"Lynn, we never see you, now," declared Joan Cadding, one of her friends. "What's the reason?"
"Old age, laziness and lots to do. At twenty-eight one can't be always gadding. Besides, a teacher must keep early hours."
"Oh, aged one, it is not so many years since a certain teacher was out every night in the week until one or two o'clock and absolutely refused even to lie down for half an hour when she left school at three. Mrs. Thayer used to say to mother, 'Really, Lynn must have the constitution of a horse; she comes home from school, skates for an hour, rushes into calling costume and drops into a dozen things before dinner: then, as soon as that is over, prepares for a dance or a tobogganing party.'"
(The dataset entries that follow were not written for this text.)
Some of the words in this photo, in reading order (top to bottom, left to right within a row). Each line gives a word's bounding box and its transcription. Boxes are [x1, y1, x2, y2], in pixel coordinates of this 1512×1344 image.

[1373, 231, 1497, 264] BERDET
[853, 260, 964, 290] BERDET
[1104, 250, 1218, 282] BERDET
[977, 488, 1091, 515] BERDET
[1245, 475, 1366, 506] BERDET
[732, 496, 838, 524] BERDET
"As you say, I was a few years younger, Joan."
"But why have you given everything up so? You can't complain of being shelved. Why, at the only dance where I've met you this winter your card was filled to overflowing before you had been in the room five minutes. You certainly can't worry about lack of attention."
"No, I have no beauty to fade and no youthful fascinations to take wing, so the people who liked me ten years ago are just as apt to like me, now."
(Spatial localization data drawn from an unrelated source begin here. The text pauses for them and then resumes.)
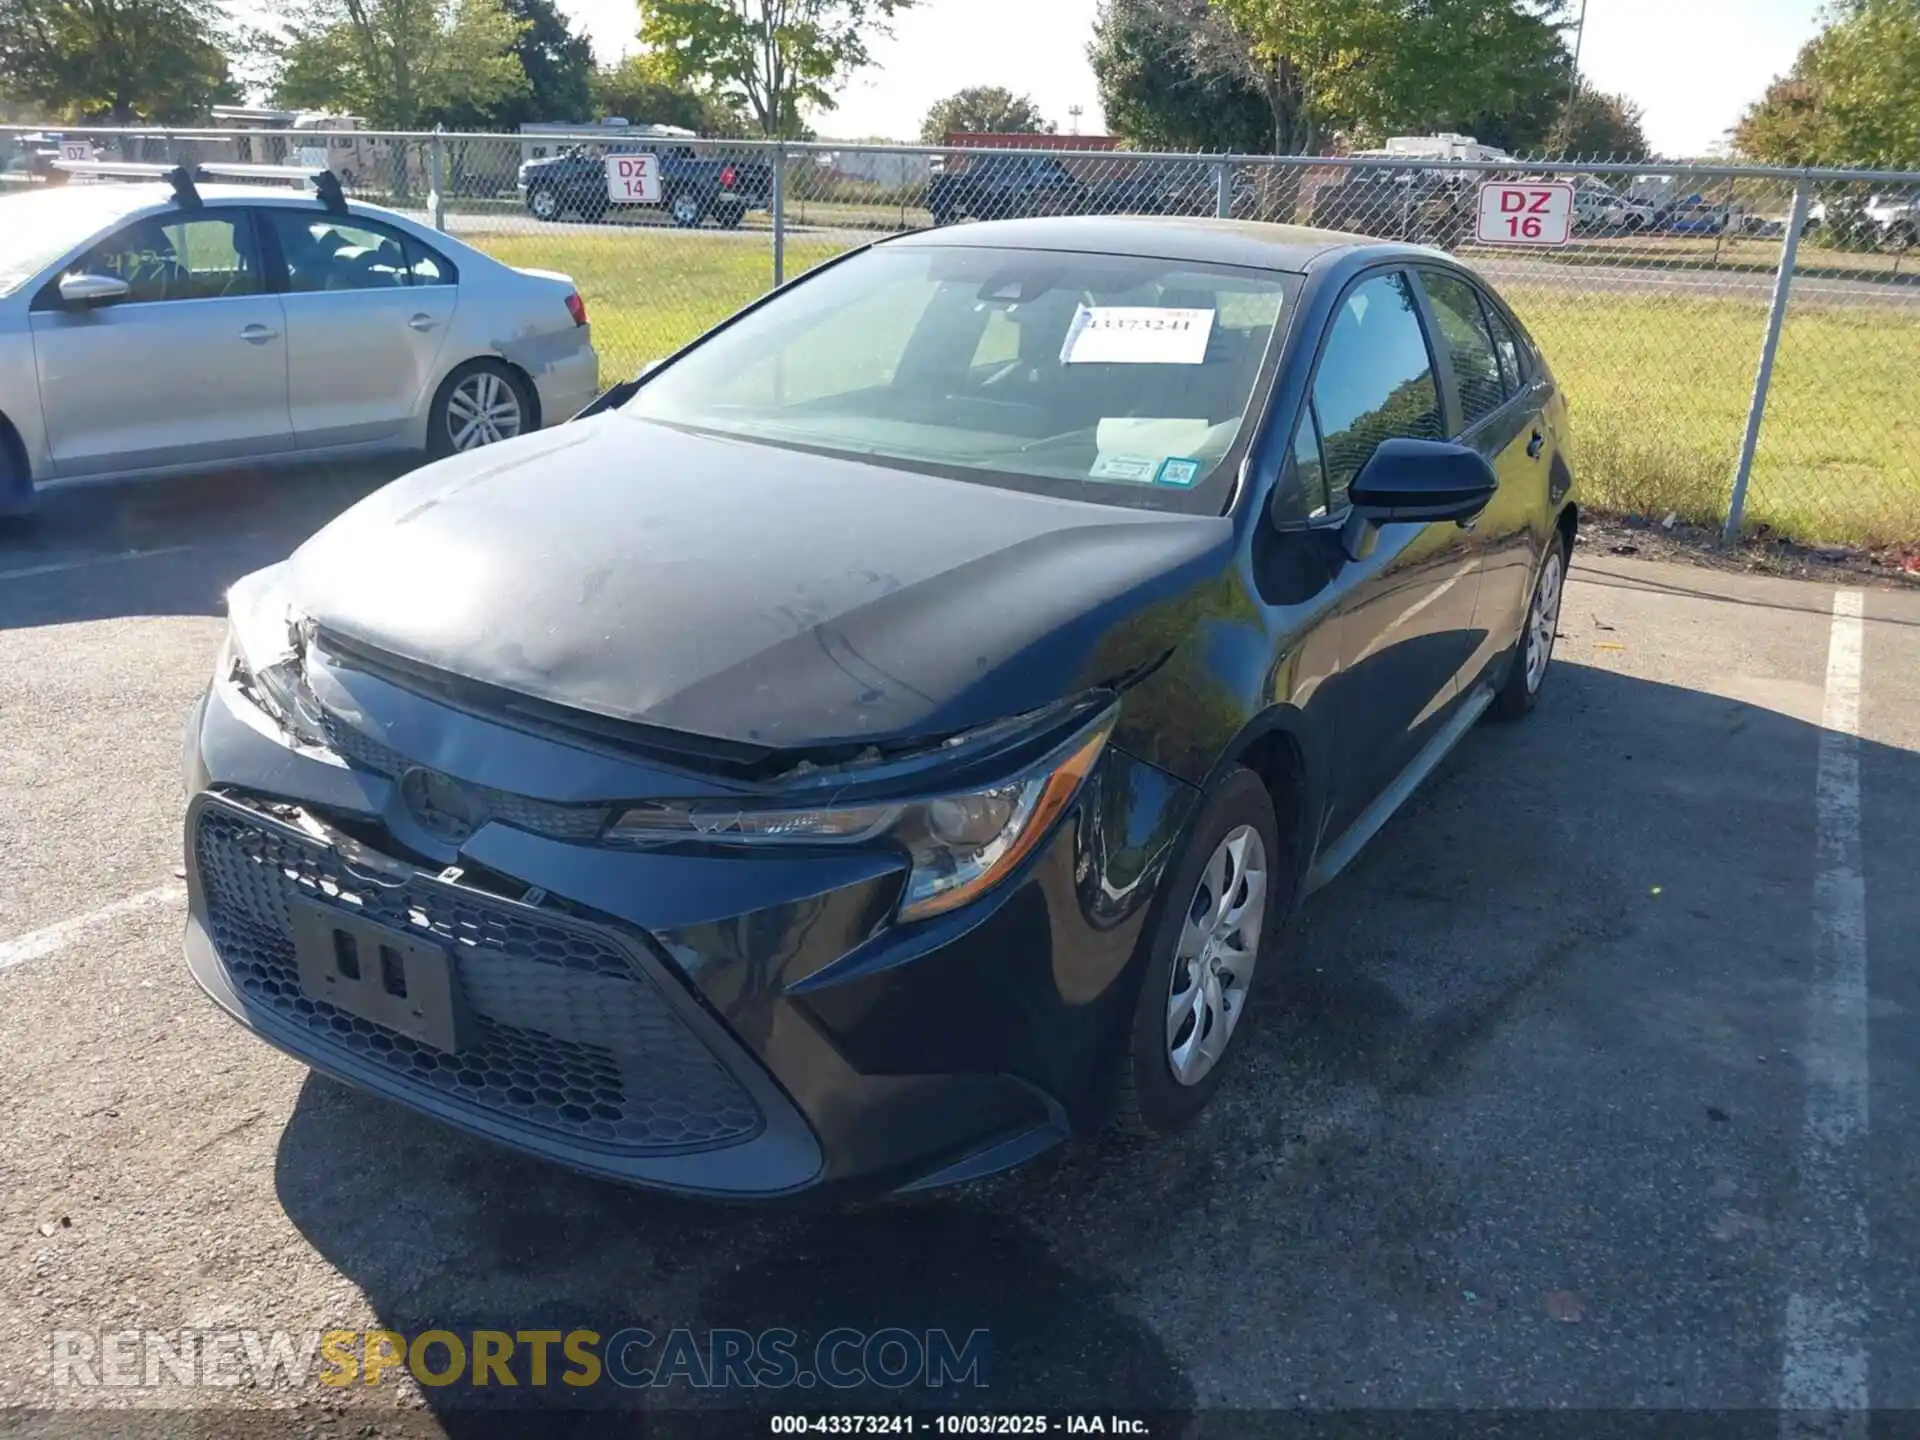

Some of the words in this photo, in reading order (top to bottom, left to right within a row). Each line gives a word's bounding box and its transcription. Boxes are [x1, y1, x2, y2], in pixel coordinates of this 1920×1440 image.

[67, 147, 85, 160] DZ
[619, 161, 646, 177] DZ
[624, 180, 643, 196] 14
[1501, 191, 1551, 213] DZ
[1506, 217, 1541, 237] 16
"Then why do you slip out of things so? Even Del says she never sees you."
"Del means that I don't live here as I used to. I see her three or four times a week: any one but Del would be sick of me. But, seriously, girls, this idea of combining public school teacher and society girl isn't the best in the world. As far as I know, I am the only woman who has ever done it successfully for years and I'm getting tired of it. And that reminds me! Do you want to hear a good story? I went to a man-tea at Mrs. Dean-Everill's the other day—you see I'm not altogether a hermit yet—and I met a Mrs. Howden there—a very common woman with money. No one else wanted to talk to her and she seemed a good-natured soul and anxious to be affable, so I sacrificed myself as usual. She simply beamed on me—till, in the course of conversation, it transpired that I taught from nine to three five days out of the seven. Then she froze: suddenly and completely did she freeze: and took the earliest opportunity of sidling away from my contaminating presence. A little later on I was talking to some of the other people when Dick Ashe, who has just returned from Europe, you know, rushed up to me and said in his usual boisterous way, 'Oh, Miss Thayer, you should see the lovely pin that your cousin, Lord Haviland, has entrusted to me for you.' I caught sight of the woman's face; she looked like a devotee who had unwittingly slapped a seraph. I felt so sorry for her that I hastened to murmur, 'Oh, Harry's only my third cousin, you know!' but even that didn't seem to wipe the tortured look from her fat face. Think what it must be to a social climber to have snubbed an earl's third cousin."
In the burst of laughter and talk which followed this, only Mrs. Hadwell noticed that Lynn had made a definite effort to turn the course of conversation from discussion of herself.
"Well," said Agatha Ladilaw in her flute-like voice, "I don't see what is amusing you all so. It couldn't have been very pleasant for Mrs. What's-her-name to think that she had been rude to an earl's third cousin: and, on the other hand, if Lynn were an ordinary teacher you couldn't expect her to be treated in the same way."